A very good mind,' Vera interrupted. 'In fact an excellent one, which is why you are going to Porterhouse.'

'I'm most definitely not,' said Purefoy. 'I want to know why Mrs Pitch gave you details of my curriculum vitae You can't go round revealing-'

'Oh, do hush up. She didn't do anything of the sort. I'm your cousin, remember, and I know just about everything about you. Besides, it's all on the Kloone University computer and I know your password so I went straight in and had it all printed out.'

'My password? You don't know it. You can't have got it from Mrs Pitch either because she doesn't know it.'

'I'm certain she doesn't, but I most certainly do.'

'What on earth do you mean?' Purefoy demanded.

Vera giggled. 'Purefoy, dear, you're so transparent. "Certainty" is your password. I knew it had to be something like that. You're obsessed with it.'

Purefoy Osbert groaned. Vera had always been smarter than he was. 'In that case I'm going to change it,' he said. 'And I am definitely not going anywhere near Porterhouse College. It's got a dreadful reputation for snobbery and all sorts of other things.'

'Which is why you have been given a Fellowship there To change things for the better,' said Vera. 'They need some serious scholarship, and you are going to provide it.

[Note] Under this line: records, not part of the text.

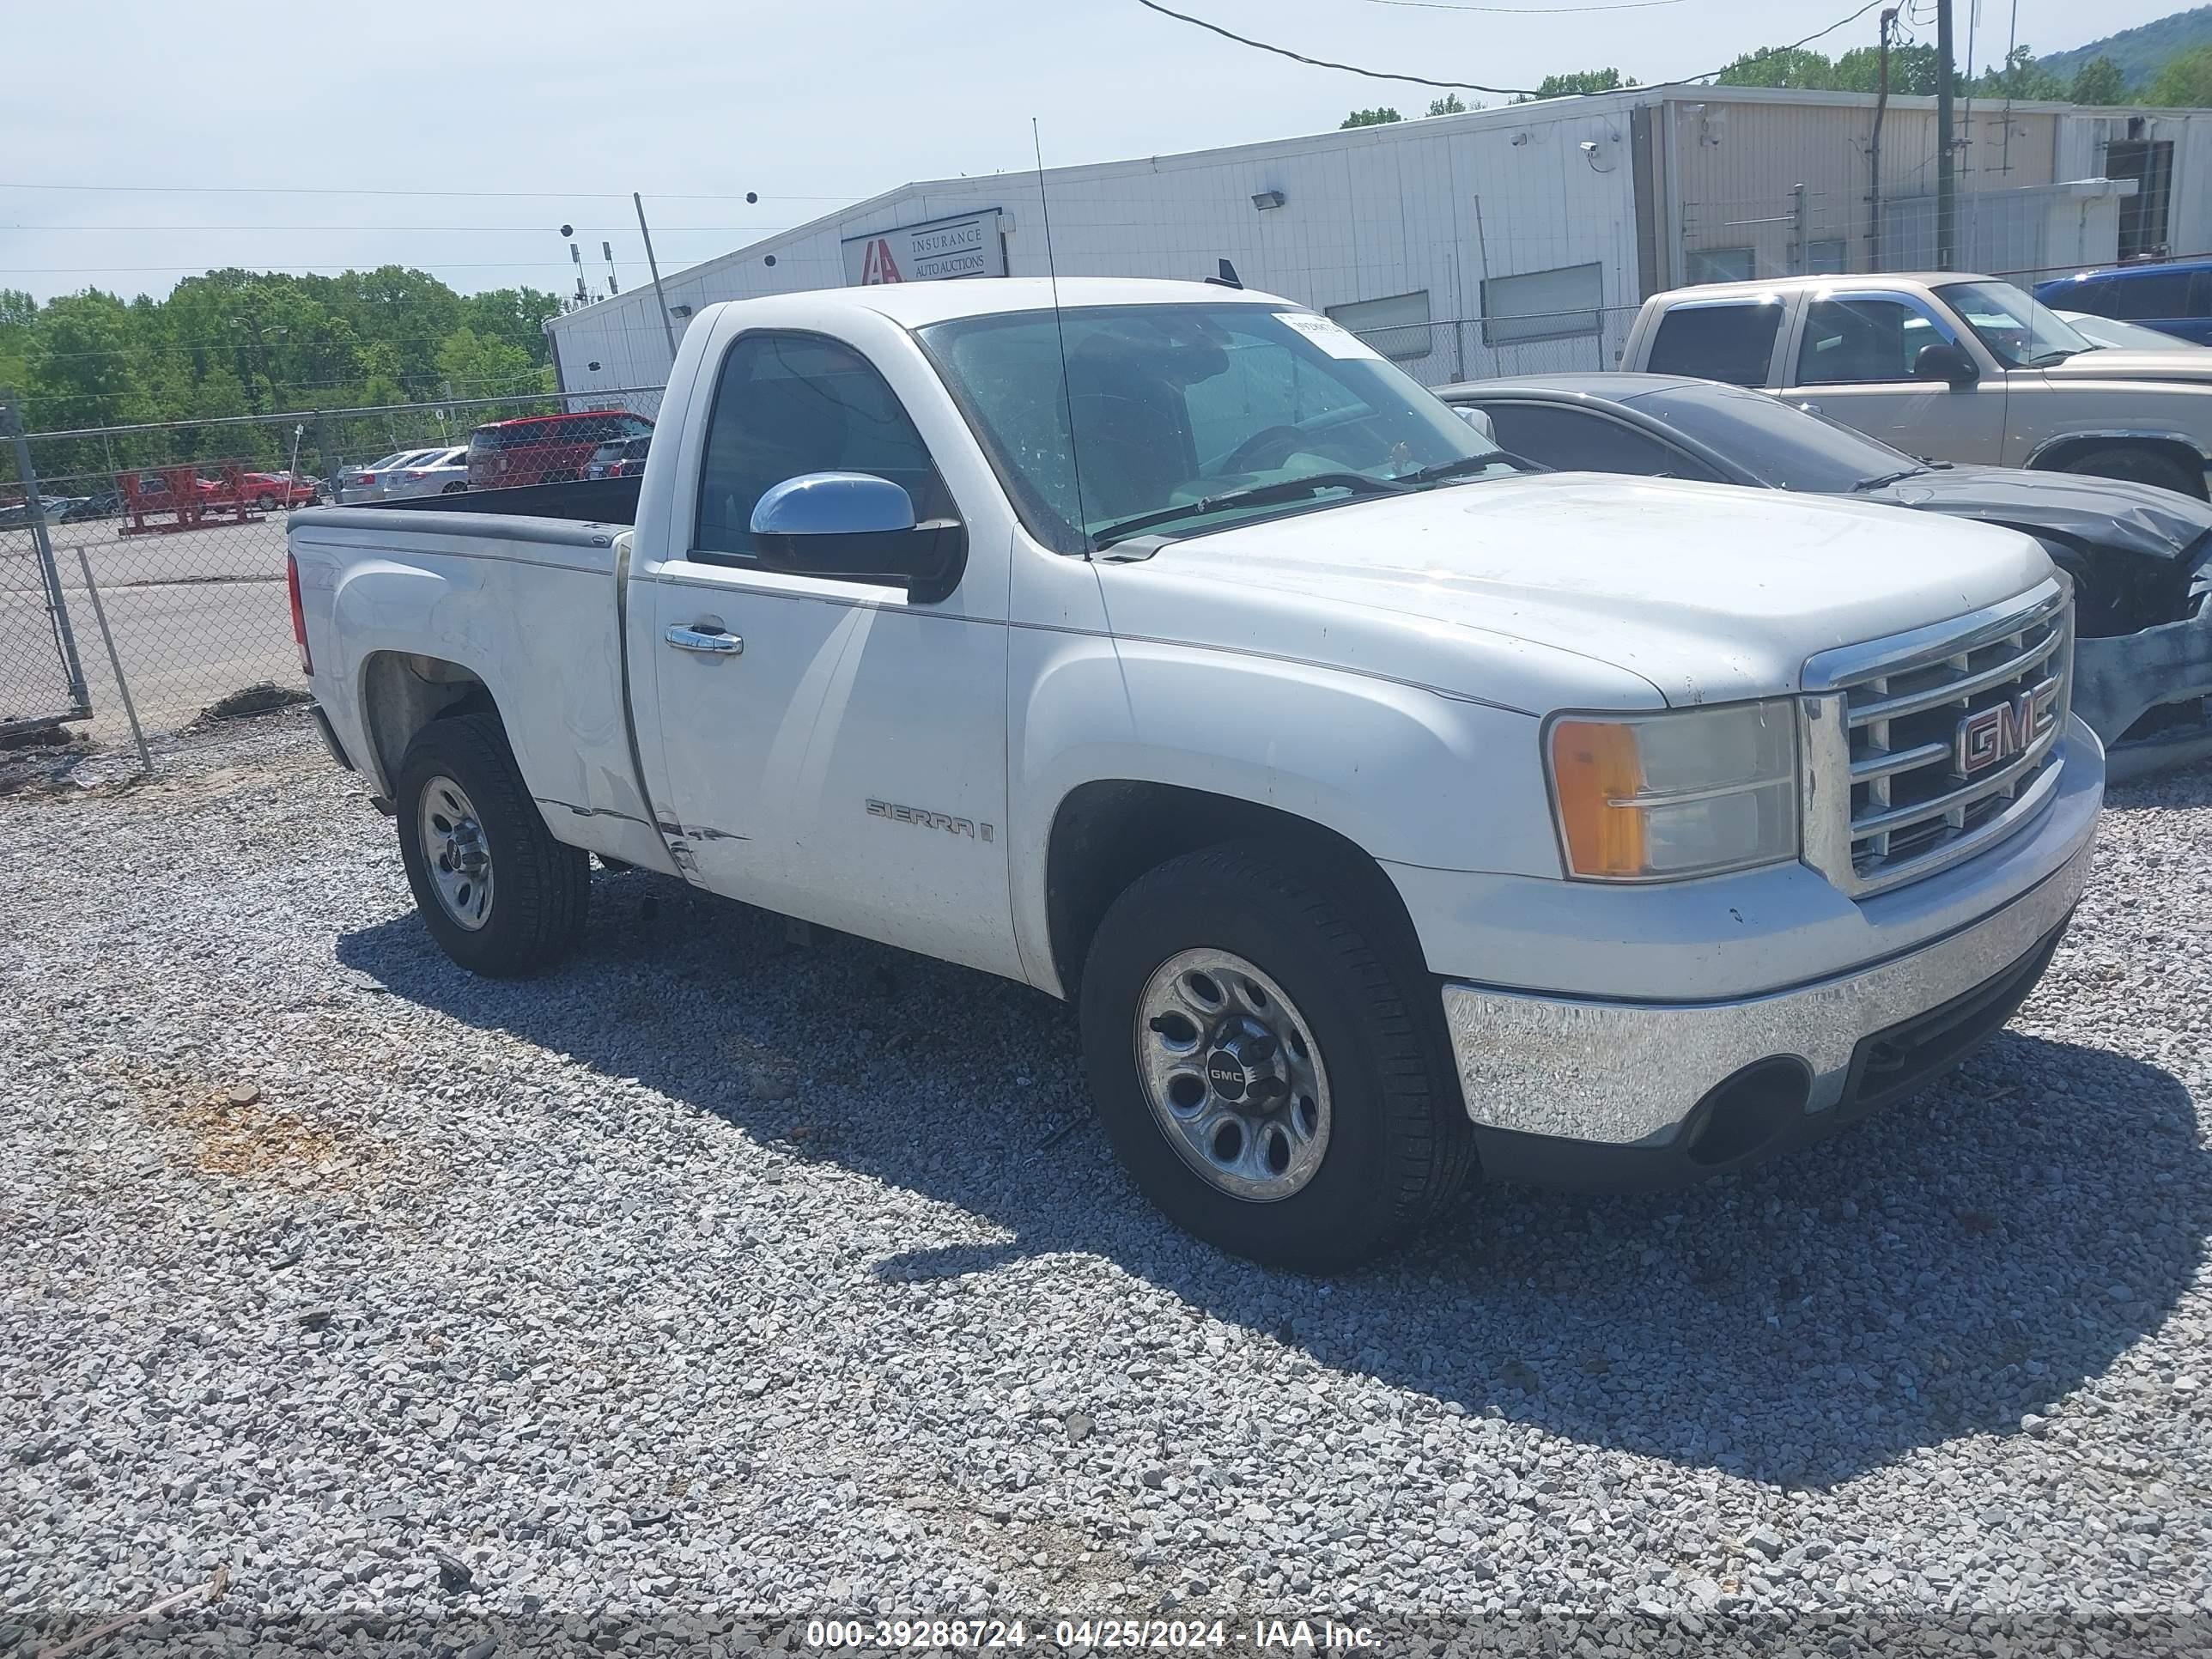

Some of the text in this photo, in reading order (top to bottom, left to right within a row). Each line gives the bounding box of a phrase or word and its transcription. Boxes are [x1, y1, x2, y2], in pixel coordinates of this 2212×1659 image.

[912, 228, 981, 252] INSURANCE
[915, 255, 984, 277] AUTO AUCTIONS
[1957, 675, 2061, 775] GMC
[865, 799, 975, 838] SIERRA
[1211, 1069, 1244, 1083] GMC

Your salary will be more than three times what you're getting at the moment and you will be free to do your own research work with no obligation to do any teaching.'

Purefoy Osbert's silence was significant. Only that day he had had to attend an extremely boring Finance Committee meeting at which the possibility of financial cuts had been discussed with the mention of a freeze on salaries, and that had been followed by a seminar on Bentham with several students who were convinced that prisons built like Dartmoor on the panopticon principle were far more suitable for murderers and sex-offenders than the more modern open prisons Purefoy advocated. Some of them had even argued that child molesters ought to be castrated and murderers executed. Purefoy had found the seminar most distressing, particularly the way the more prejudiced students had refused to accept the facts he had given them. And now suddenly he was being offered a Fellowship that involved no teaching and with a salary that would surely satisfy Mrs Ndhlovo.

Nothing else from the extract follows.